La prima cosa da fare è quella di eseguire un’attenta analisi delle problematiche da risolvere, così da poter prima valutare tutte le soluzioni attuabili e poi trovare quella che meglio si adatta alla singola esigenza. Il suggerimento è di cominciare da problemi semplici per arrivare a problemi complessi.
Il secondo step consiste nel definire con precisione le caratteristiche del proprio software, decidendo a chi è indirizzato, cosa deve fare, ecc. Dopodiché è necessario abbozzare un piano di lavoro che cambia a seconda delle dimensioni del programma (piccolo, medio o grande).

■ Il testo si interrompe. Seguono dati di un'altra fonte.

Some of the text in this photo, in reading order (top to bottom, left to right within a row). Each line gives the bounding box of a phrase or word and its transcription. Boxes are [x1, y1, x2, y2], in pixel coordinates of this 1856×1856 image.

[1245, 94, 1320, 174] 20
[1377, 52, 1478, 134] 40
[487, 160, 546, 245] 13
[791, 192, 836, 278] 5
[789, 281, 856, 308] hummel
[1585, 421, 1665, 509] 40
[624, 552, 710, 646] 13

In fase di elaborazione del codice è opportuno associare allo stesso dei commenti che spieghino perché sono state scelte certe funzioni e cosa esse permettono di fare. E’ poi importante usare degli standard per denominare le variabili, così da poter effettuare eventuali modifiche più facilmente.
Quando si produce del codice è bene usare l’indentazione per visualizzare meglio i blocchi di istruzioni e rendere più comprensibile il tutto. Indispensabili sono inoltre i test dei vari moduli per accertarsi che ogni cosa funzioni al meglio.

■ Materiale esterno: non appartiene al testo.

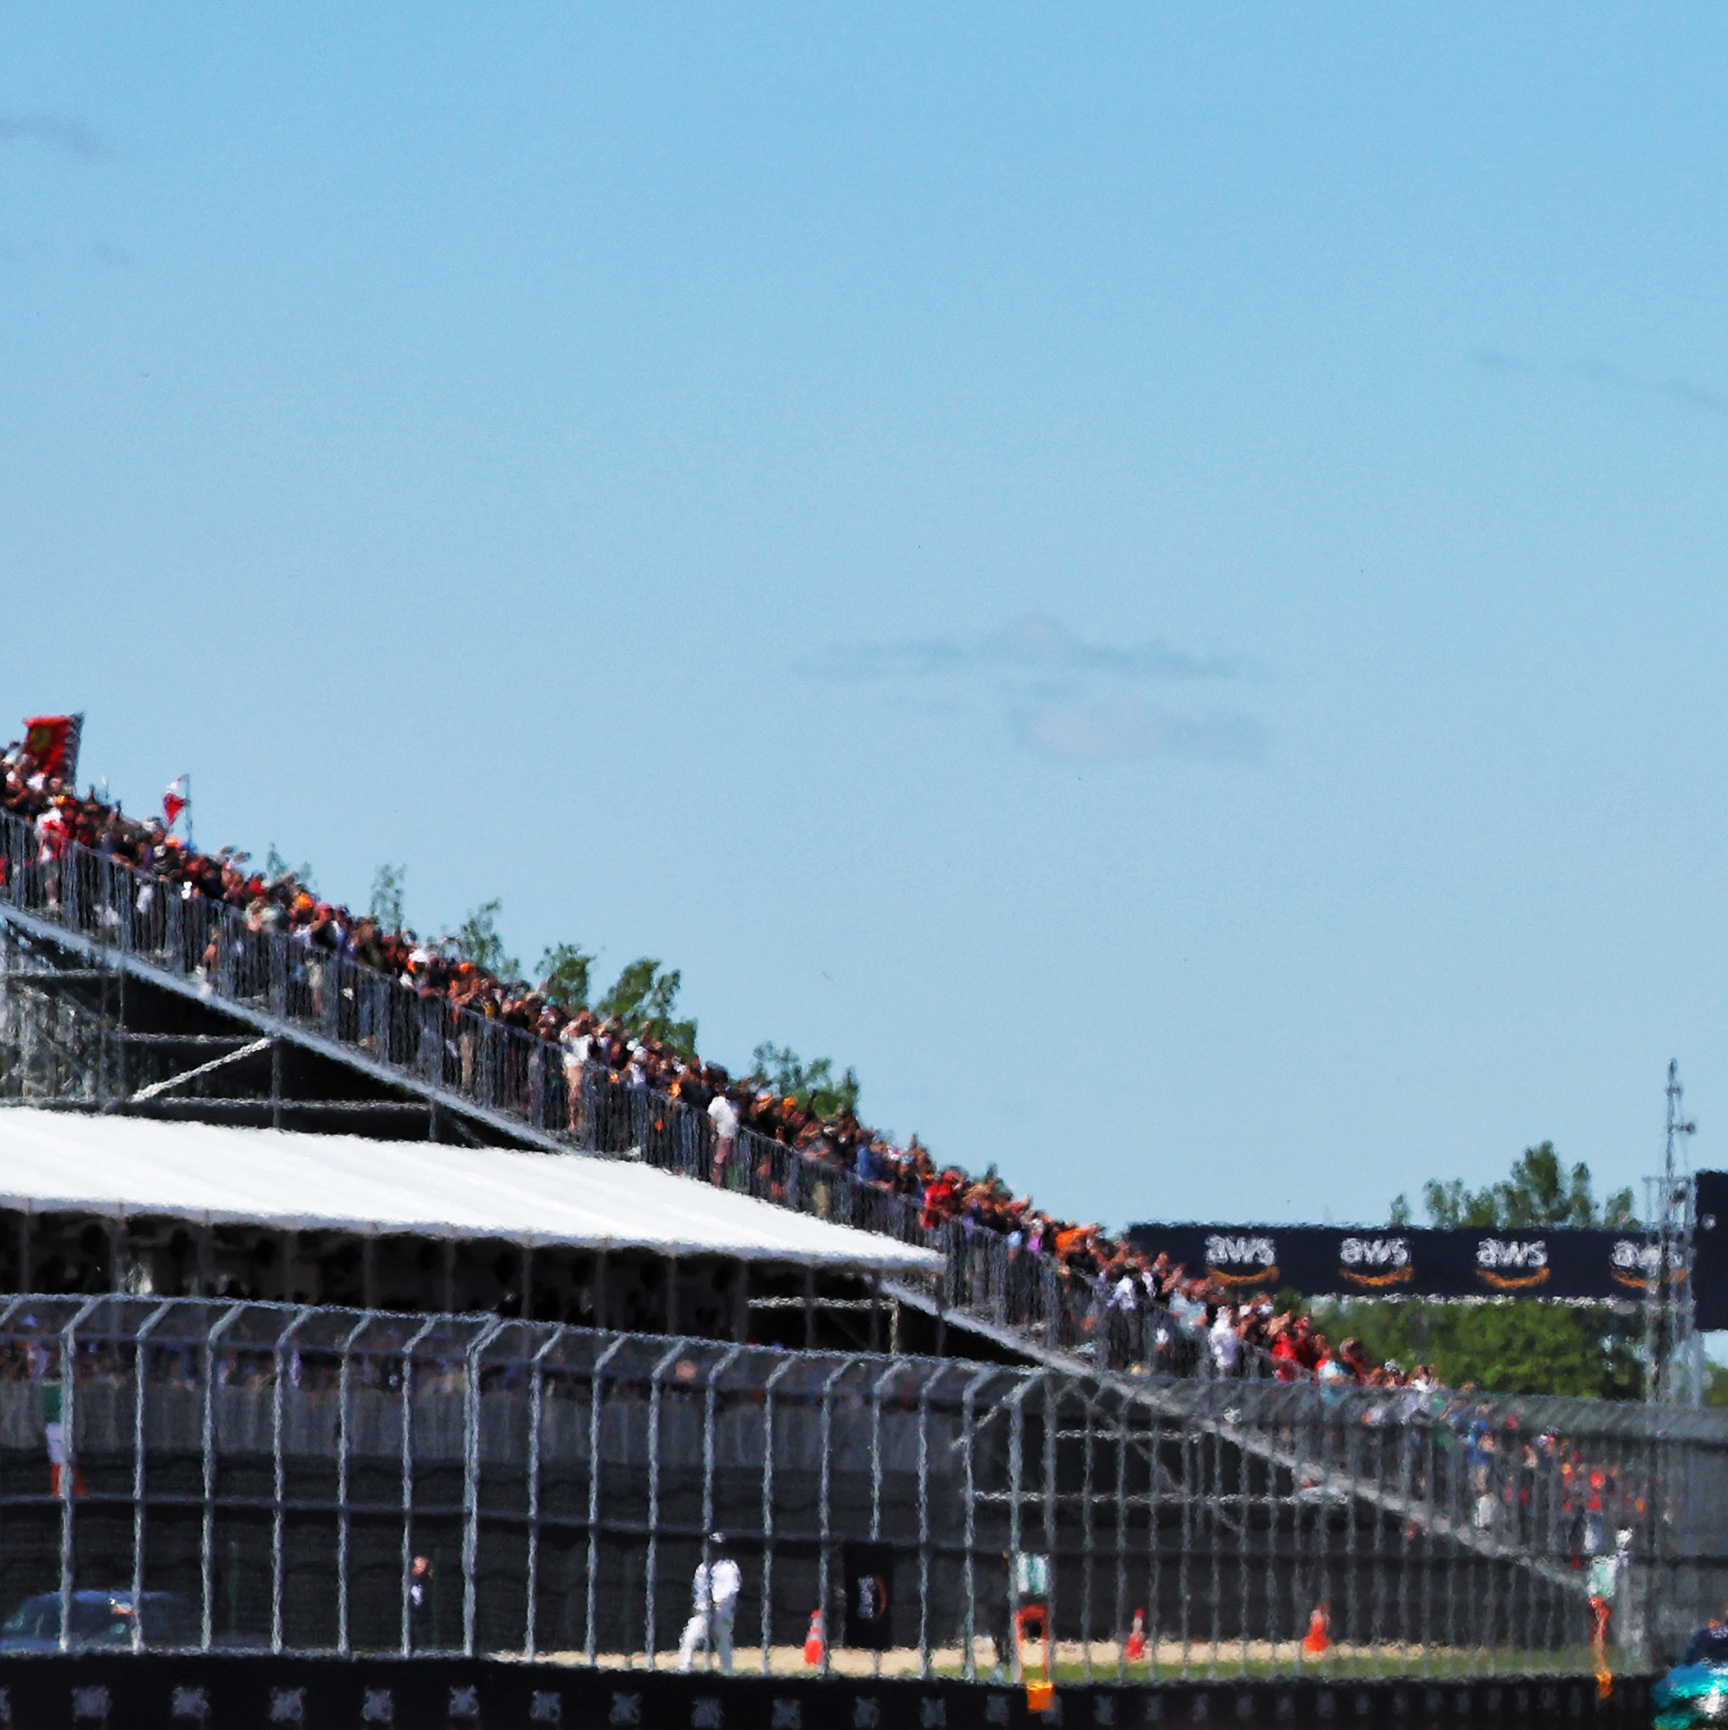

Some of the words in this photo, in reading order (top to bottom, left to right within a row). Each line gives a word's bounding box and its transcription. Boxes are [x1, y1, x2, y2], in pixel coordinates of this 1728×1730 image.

Affinché ci sia un effettivo miglioramento delle proprie capacità, è opportuno fare molta pratica, aspettandosi anche dei cambiamenti improvvisi, che possono sopraggiungere per soddisfare necessità inizialmente non considerate.
Ma per eccellere nella programmazione quanto appena detto non è sufficiente. Bisogna inoltre:
- dimostrare umiltà e ammettere di poter ancora imparare qualcosa di nuovo;
- non essere ossessionati dall’esigenza di avere sempre ragione;
- capire che quando si riesce a far funzionare un codice, c’è ancora tantissimo da fare;
- scrivere il codice una volta per se stessi, una volta per vedere se è corretto e una volta per renderlo impeccabile;
- leggere i codici altrui per comprenderli e valutare come sono stati risolti determinati problemi;
- scrivere codici anche fuori dall’ambito professionale per ambire a un miglioramento costante e accrescere le proprie competenze;
- restare in contatto diretto con altri programmatori per sviluppare nuove capacità;
- imparare le basi della programmazione, piuttosto che i tool o i linguaggi che cambiano nel corso del tempo.
Ora che abbiamo spiegato cosa fare per essere dei programmatori migliori, passiamo adesso alle qualità che ogni programmatore dovrebbe effettivamente avere per ritenersi tale: caratteristiche intrinseche che andremo subito a elencare di seguito.
1- Passione
La passione è indispensabile per ottenere risultati e soddisfazioni nella programmazione. Bisogna metterci cuore, impegno e tanta pazienza. Quindi essere appassionati della materia diventa assolutamente fondamentale.
2- Auto-apprendimento
L’auto-apprendimento serve moltissimo in questo settore, perché è ciò che effettivamente consente di migliorarsi e crescere. Studiare con passione anche quando non si è obbligati a farlo (ad esempio per motivi di studio) aiuta a sviluppare capacità notevoli.
3- Intelligenza
L’intelligenza serve ed è davvero indispensabile per qualsiasi programmatore, in quanto consente di fare ipotesi e migliorare procedure, garantendo maggiore semplicità. In poche parole si tratta di una caratteristica, oltre che necessaria, anche prioritaria.
4- Esperienza
Più esperienza fa il programmatore e meglio lo stesso riesce a gestire le problematiche che può incontrare durante la realizzazione di un programma. Gli errori portano al proprio miglioramento e con il tempo si riducono nettamente.
5- Tecnologie
Un buon programmatore è anche colui il quale si destreggia senza problemi tra tecnologie differenti l’una dall’altra. Certo non si possono conoscere tutte, ma ogni scoperta va custodita per aumentare le proprie competenze.